The results from the molecular oxygen measurements on the volunteers according to geometry PC are presented in Table 1 . The $L_{e q}$ value shown is an average from the three different detector positions. It was observed that the lowest $L_{e q}$ is always recorded when the detector is positioned below the cheek bone, in agreement with the simulation results, where the detection areas are also indicated [Fig. 3b]. All volunteers with no history of sinus problems presented a detectable oxygen absorption imprint. However, no oxygen imprint could be recorded on the left side of volunteer 11. The reproducibility of the measured $L_{e q}$ values was also investigated at each detector position for one volunteer. A standard deviation of about 10% was obtained when the average measured $L_{e q}$ value was of the order of $30 mm$ . A clear left-right asymmetry was observed for volunteer 11 as discussed before. Smaller asymmetries were observed also for other volunteers. However, it should be noted that the $L_{e q}$ value depends on concentration as well as path length, and thus detailed analysis regarding anatomy are hard to draw.

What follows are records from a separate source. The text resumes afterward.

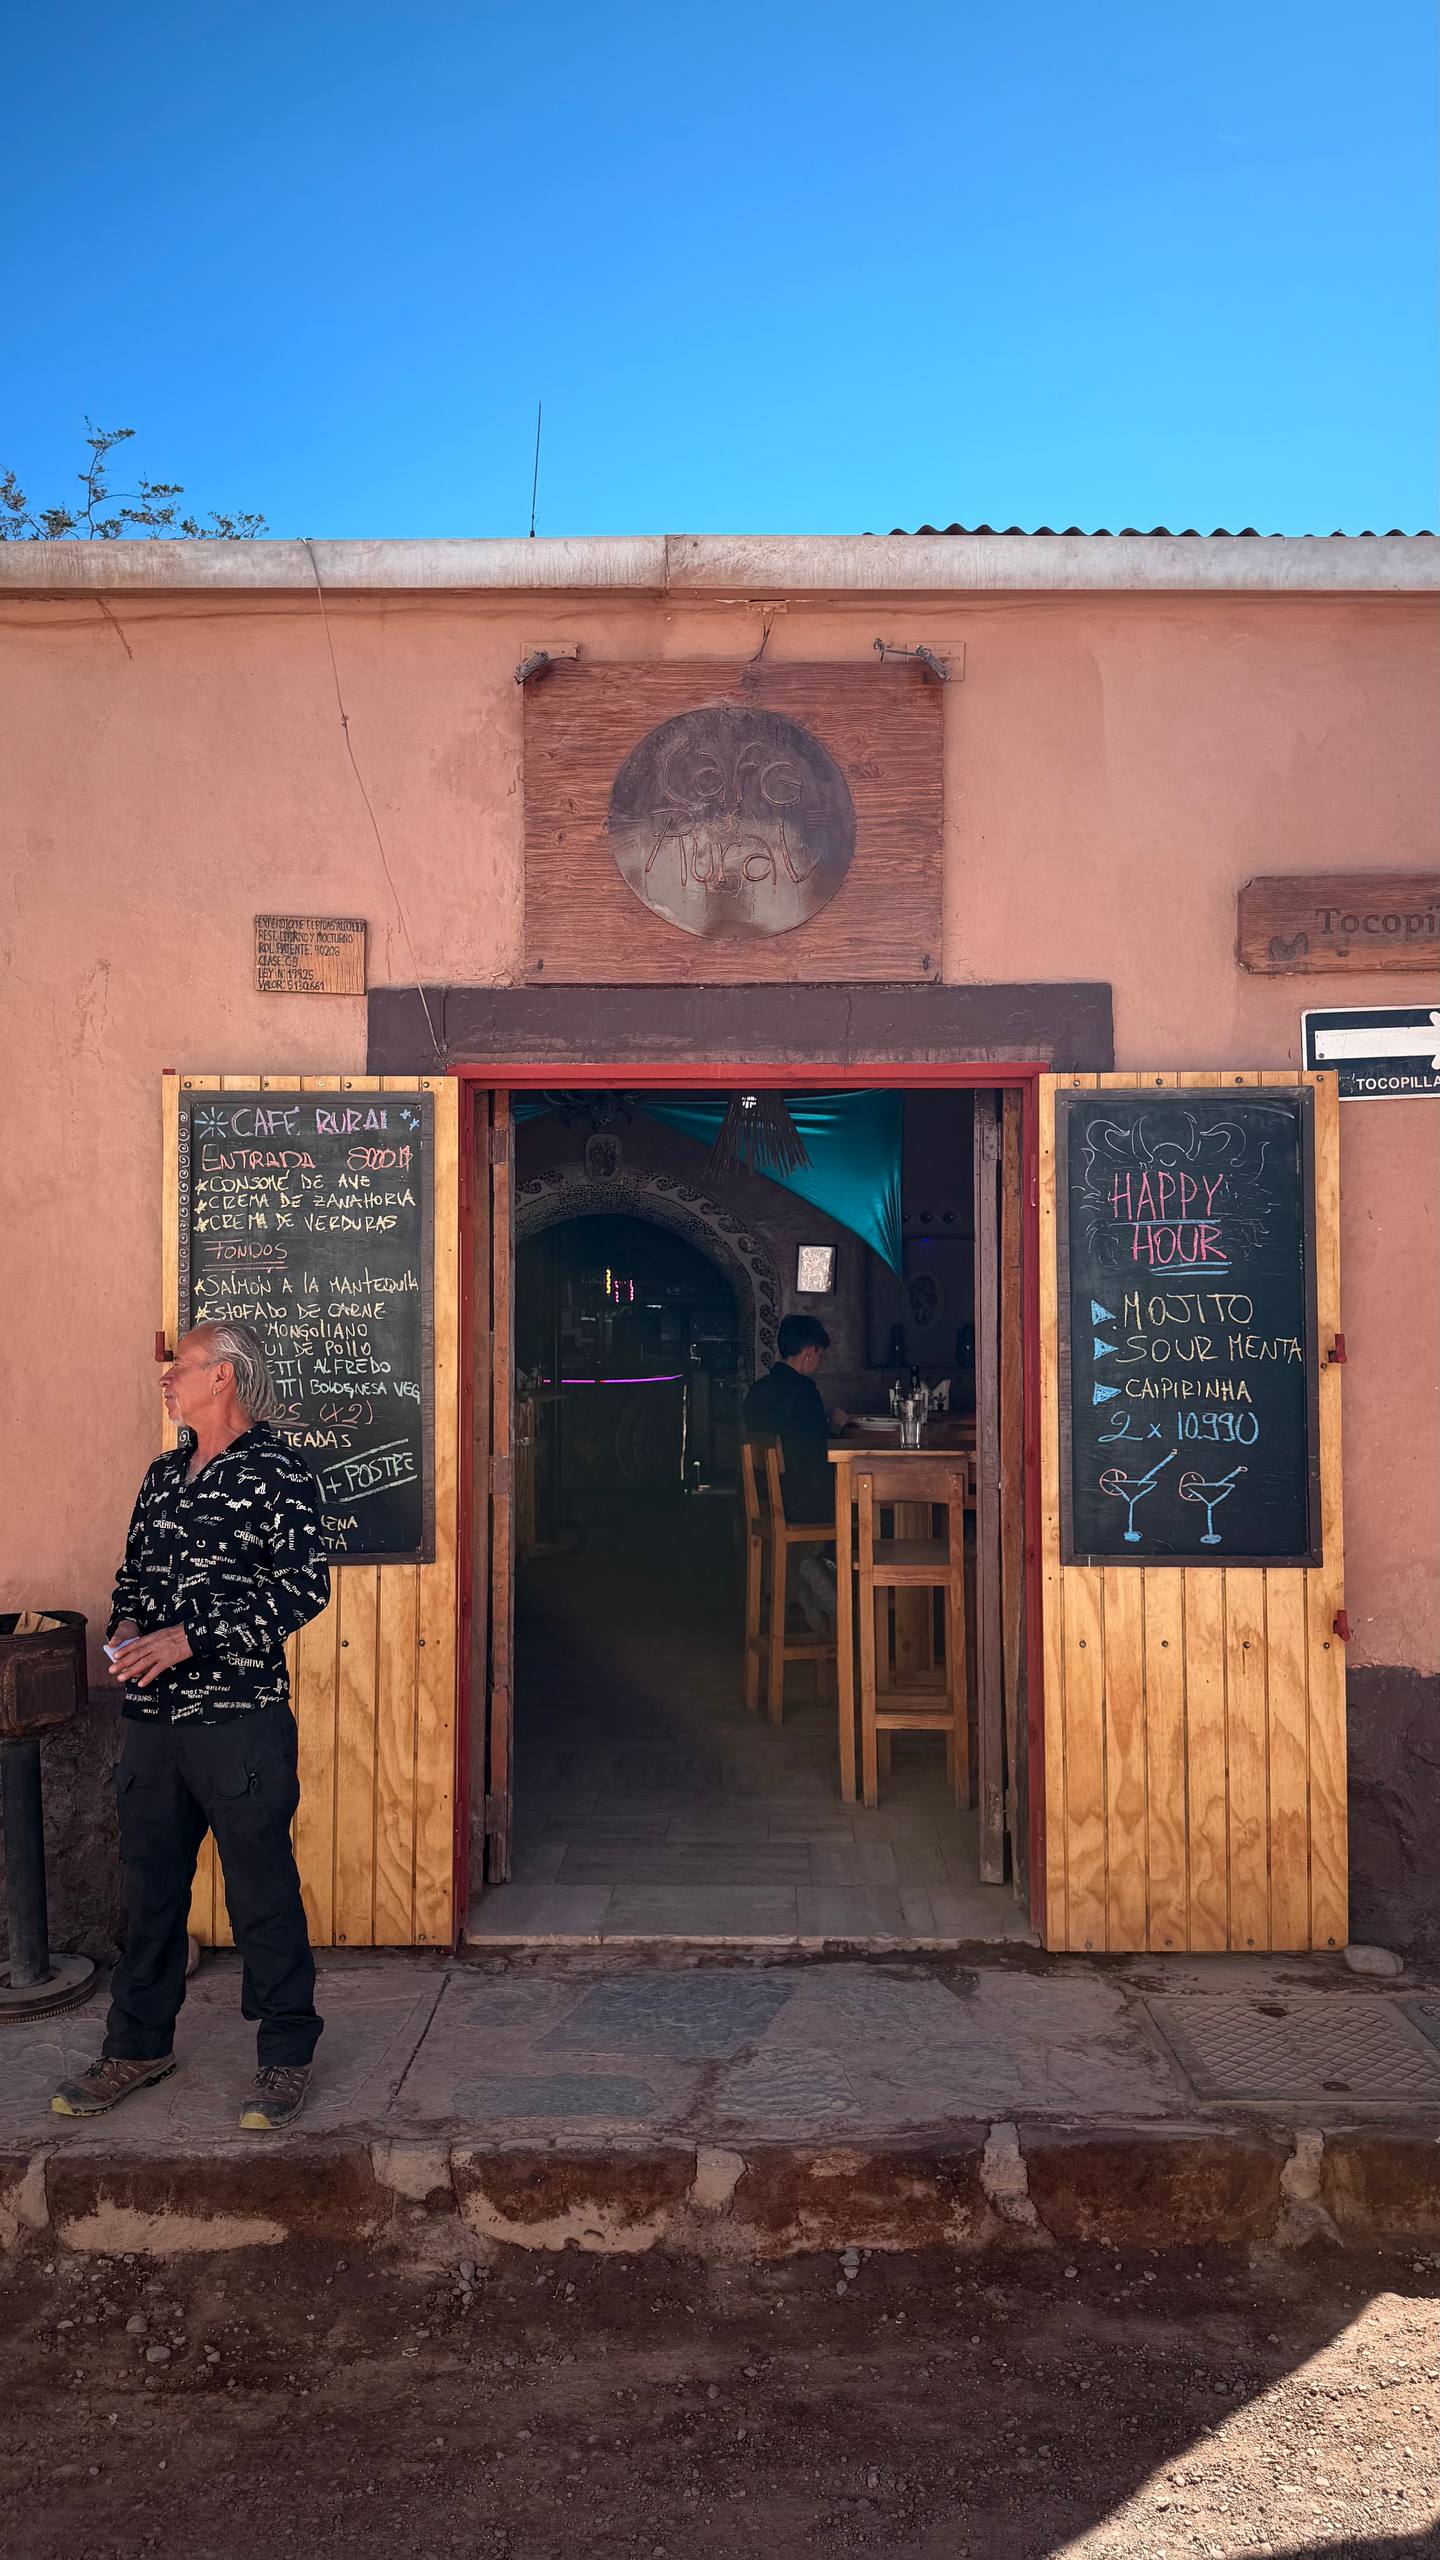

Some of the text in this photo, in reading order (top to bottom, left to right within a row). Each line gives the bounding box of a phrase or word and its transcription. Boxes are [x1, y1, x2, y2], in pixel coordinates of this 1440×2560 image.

[645, 809, 820, 887] Rural
[1315, 906, 1440, 941] Tocopi
[315, 1107, 388, 1136] RURAL
[201, 1143, 317, 1171] ENTRADA
[300, 1174, 324, 1190] DE
[337, 1173, 371, 1191] AVE
[1109, 1171, 1224, 1221] HAPPY
[208, 1188, 417, 1211] CREMA DE ZANAHORIA
[208, 1212, 398, 1233] CREMA DE VERDURAS
[1131, 1223, 1228, 1265] HOUR
[282, 1277, 294, 1294] A
[296, 1303, 321, 1320] DE
[328, 1301, 385, 1320] CARNE
[1123, 1290, 1254, 1331] MOJITO
[293, 1341, 315, 1358] DE
[1115, 1333, 1303, 1364] SOUR MENTA
[313, 1356, 392, 1376] ALFREDO
[1125, 1377, 1253, 1404] CAIPIRINHA
[283, 1429, 352, 1449] TEADAS
[1097, 1410, 1144, 1444] 2
[344, 1452, 415, 1493] POSTRE

The results from the measurements of oxygen and water vapor with detection geometry PC on the maxillary sinuses on volunteers 1 and 2 are shown in Figs. 4a and 4b . The average $L_{e q}$ values are presented together with two standard deviations. It should be noted that the recorded $L_{e q}$ for water vapor is about 8 larger than the value for oxygen for volunteers 1 and 2. The same types of measurements were attempted on volunteer 11. An oxygen signal of $L_{e q} = 13 mm$ was detected for the right sinus, whereas no signal could be observed for the left side. No water vapor signal could be detected on the right side due to heavy overall absorption in the tissue and the partially filled sinus cavity.

Fig. 4

$L_{e q}$ for (a) molecular oxygen and (b) water vapor measured in left and right maxillary sinuses for volunteers 1 and 2 using detection geometry PC with the detector positioned on the cheek bone. The data shown correspond to the average of ten recordings together with two standard deviations. (c) The ratios of the $L_{e q}$ for oxygen and water vapor are shown.

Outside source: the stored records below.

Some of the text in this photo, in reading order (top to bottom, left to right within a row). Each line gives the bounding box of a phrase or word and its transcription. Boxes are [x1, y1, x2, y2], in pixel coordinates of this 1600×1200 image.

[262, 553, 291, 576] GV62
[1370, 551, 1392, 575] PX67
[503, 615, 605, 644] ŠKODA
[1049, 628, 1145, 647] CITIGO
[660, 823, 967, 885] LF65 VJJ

As discussed previously, the estimated $L_{e q}$ depends on both the concentration of the gas and the scattering properties of the tissue. It can be assumed that the scattering properties are approximately the same for the two different wavelengths used.^{19, 20} However, the absorption coefficient may be different mostly depending on the degree of oxygenation of the blood and liquid water absorption.^{17, 19} If the same volume has been sampled for the two wavelengths, the ratio between the $L_{e q}$ values for oxygen and water vapor could provide information on the oxygen concentration inside the sinuses, since the water vapor concentration is always the maximum possible concentration at the given temperature (thermostated to about $37 ° C$ and 100% humidity in the cavities). In Fig. 4c, the ratios for the left and right maxillary sinus are shown. On volunteers 1 and 2, it can be seen that this ratio is about the same for both sides. It can also be seen that the two volunteers maintain similar ratios. The average ratio is $0.13 \pm 0.01$ . Assuming that these volunteers have healthy and well ventilated sinuses with about 20% oxygen concentration, a reduced ratio may indicate a lower oxygen concentration in the cavity.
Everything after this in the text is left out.